As noted Ms. Pan suffers from a forty percent psychological disability.  The Adjudicator was prepared to assume that some of her powers of observation, judgment and memory, and ability to describe clearly what she has seen and heard, pursuant to Faryna v. Chorny,may be adversely affected.

The Adjudicator rejected Allstate’s submission that the lack of documentation substantiating Ms. Pan pre-accident income is determinative of the issue. Proof of pre-accident income is no different than any other issue in an arbitration i.e., a determination must be made about the credibility of the witnesses and how much weight is to be given to be given to each piece of evidence. The Adjudicator also agreed with Ms. Pan that an insured person’s income tax returns are prima facie proof of employment income and concur with her analysis contained in written submissions:

On this basis the Adjudicator determined that he accepts Ms. Pan’s testimony, the customer list and the CRA documents proffered as sufficiently credible, reliable, and unrefuted evidence and therefore find that Ms. Pan has met her burden of proof, on a balance of probabilities, regarding pre-accident income.

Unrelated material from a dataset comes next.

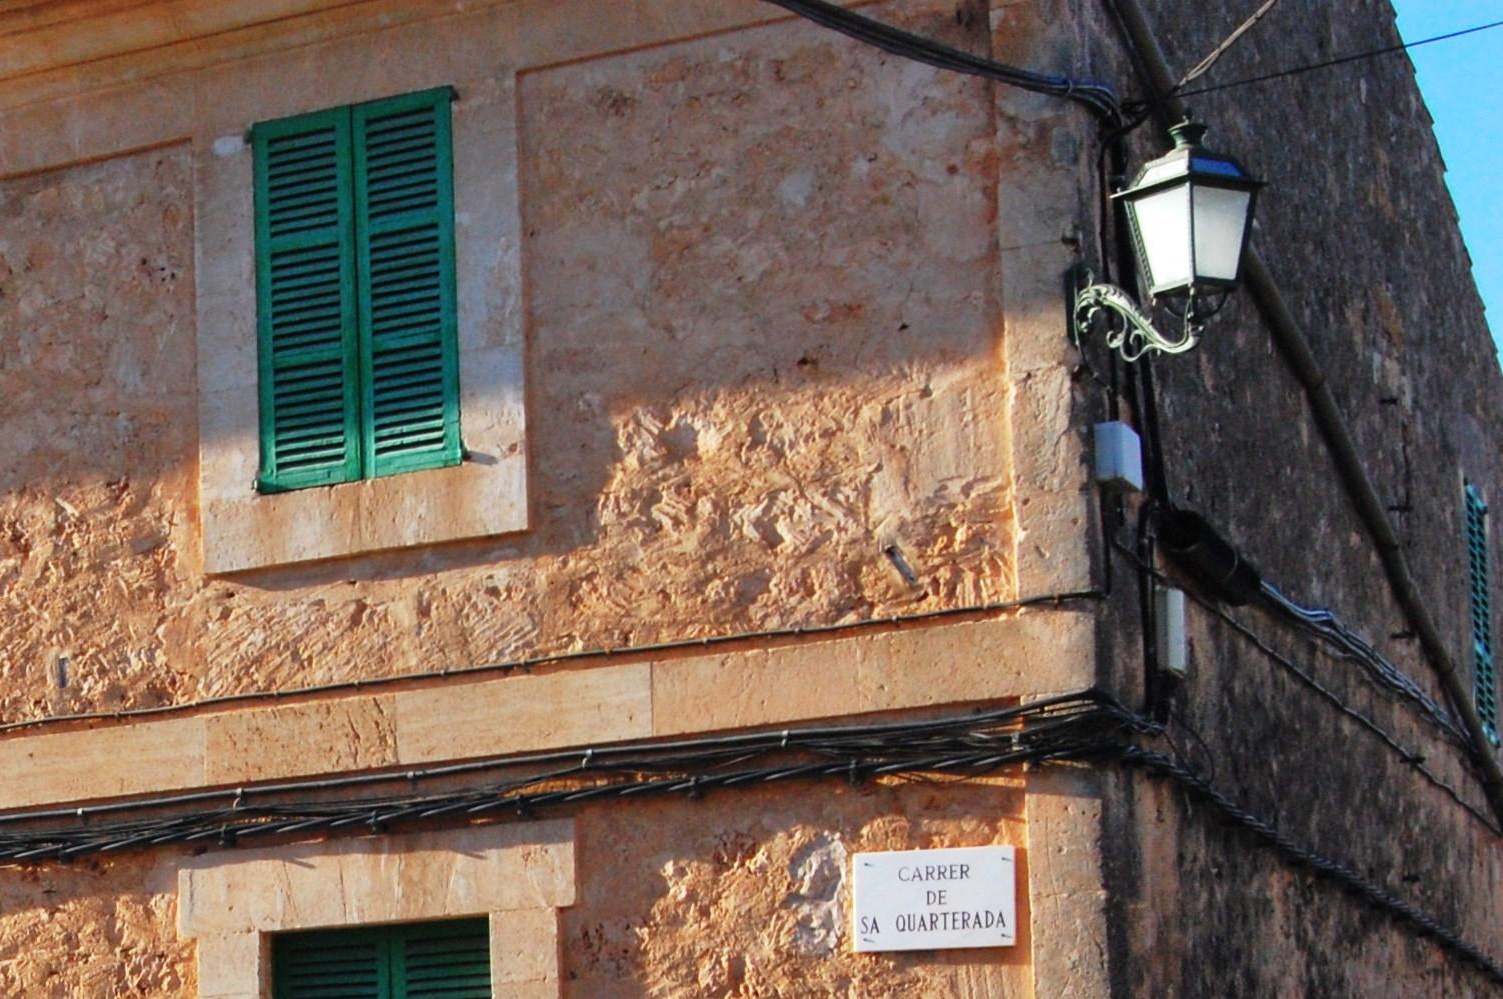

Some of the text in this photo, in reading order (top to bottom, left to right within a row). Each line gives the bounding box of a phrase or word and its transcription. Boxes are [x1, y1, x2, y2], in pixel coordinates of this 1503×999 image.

However. the Adjudicator disagreed with Ms. Pan on the amount of income to be attributed to the last third of 2013.  Given the apparent lack of records, the income quantum for the September to December 2013 period is based on unsubstantiated assumptions.  As Allstate put it in its written submissions, “it cannot be the law that a simple guess is sufficient to justify the payment of income replacement benefits”.  Nonetheless, the Adjudicator was satisfied that the amount reported by Ms. Pan as self-employed income to CRA in 2014 is a valid and reliable number and can be properly determined for purposes of calculating the IRB.

On this basis the quantum of IRB will be calculated pursuant to the Schedule based on 2014 reported income divided equally between the number of pre-accident weeks in 2014.

Regarding CPP Disability benefits Ms. Pan is obliged to apply for and exhaust her collateral benefits before resorting to the Accident Benefit’s carrier who is the payor of last resort.  This is reflected in the language of the Schedule.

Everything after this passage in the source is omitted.